(Your instructions) Each record must be returned exactly, apart from the pictures, which stay out.

[Data for the task — start]

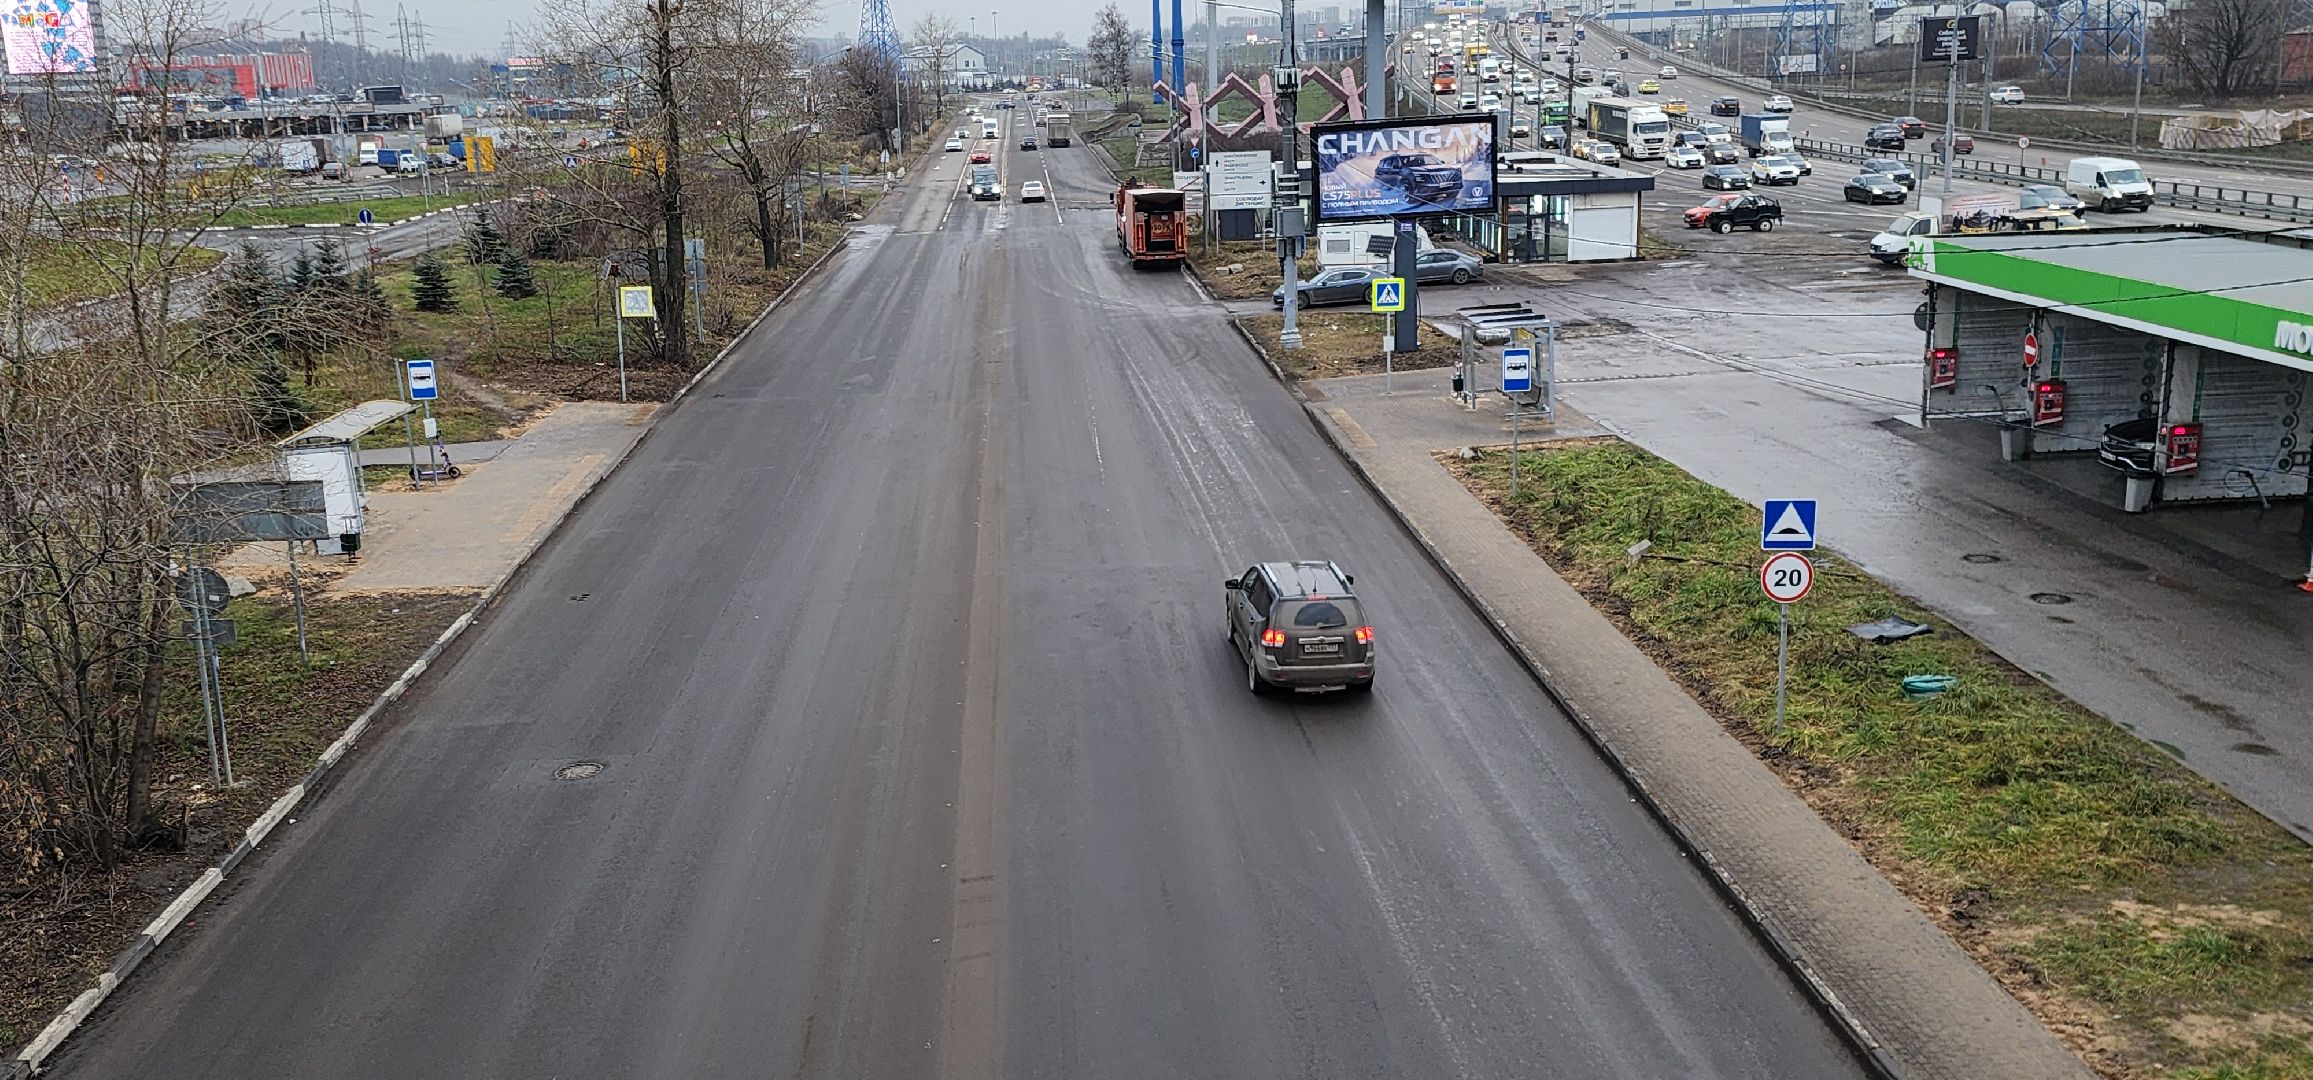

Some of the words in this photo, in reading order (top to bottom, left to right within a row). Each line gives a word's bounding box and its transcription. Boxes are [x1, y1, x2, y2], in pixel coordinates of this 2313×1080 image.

[1318, 123, 1492, 155] CHANGAN
[2274, 320, 2313, 355] МО
[1773, 569, 1802, 587] 20
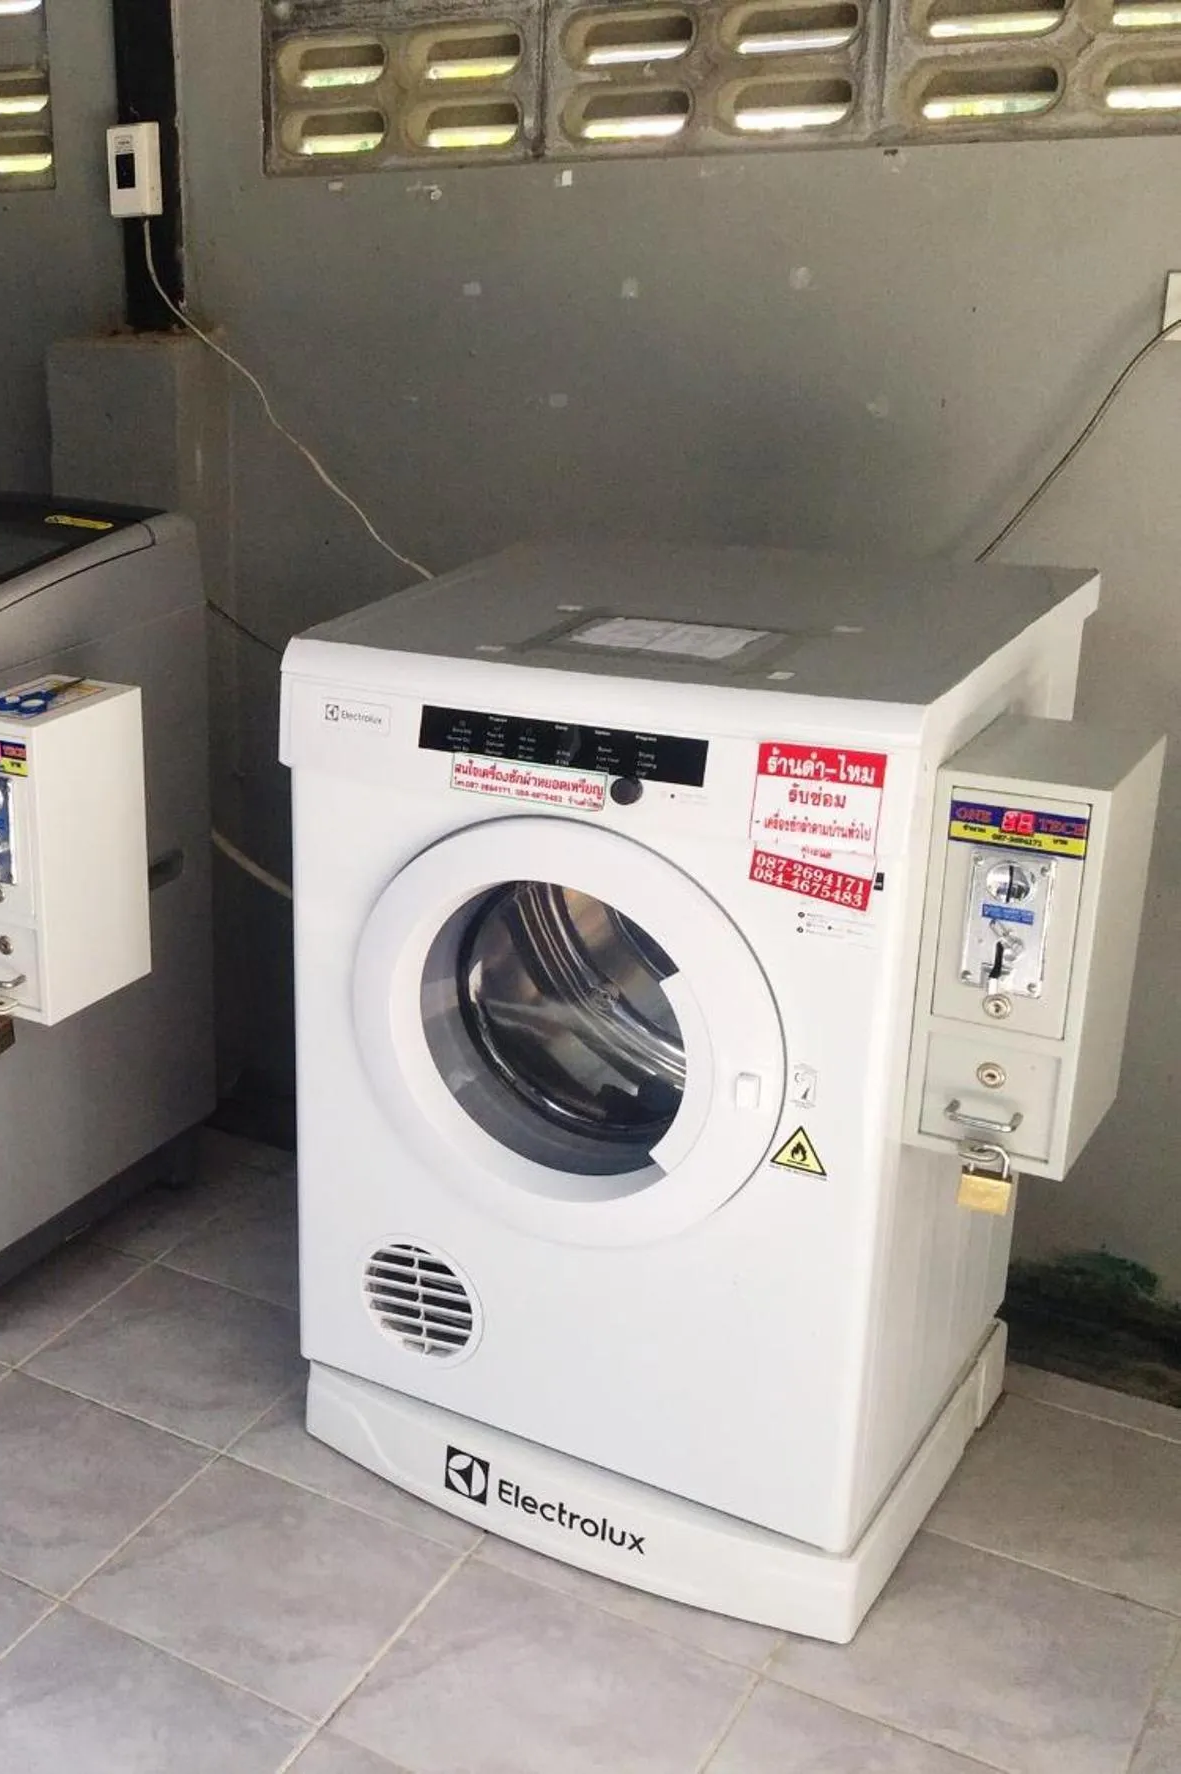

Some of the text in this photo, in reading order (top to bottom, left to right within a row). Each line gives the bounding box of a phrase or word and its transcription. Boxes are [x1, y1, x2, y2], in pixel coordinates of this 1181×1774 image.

[767, 747, 876, 785] ร้านดำ-ไหม
[787, 782, 847, 809] รับซ่อม
[752, 867, 864, 908] 084-4675483
[755, 853, 866, 895] 087-2694171
[497, 1478, 646, 1555] Electrolux

[Data for the task — finish]

(Task result)
Some of the words in this photo, in reading order (top to bottom, left to right within a row). Each line gives a word's bounding box and its transcription. Boxes are [x1, y1, x2, y2], in pixel coordinates of this 2313×1080 image.

[1318, 123, 1492, 155] CHANGAN
[2274, 320, 2313, 355] МО
[1773, 569, 1802, 587] 20

Some of the text in this photo, in reading order (top to bottom, left to right within a row). Each line gives the bounding box of a phrase or word and its transcription. Boxes are [x1, y1, x2, y2], in pixel coordinates of this 1181×1774 image.

[767, 747, 876, 785] ร้านดำ-ไหม
[787, 782, 847, 809] รับซ่อม
[752, 867, 864, 908] 084-4675483
[755, 853, 866, 895] 087-2694171
[497, 1478, 646, 1555] Electrolux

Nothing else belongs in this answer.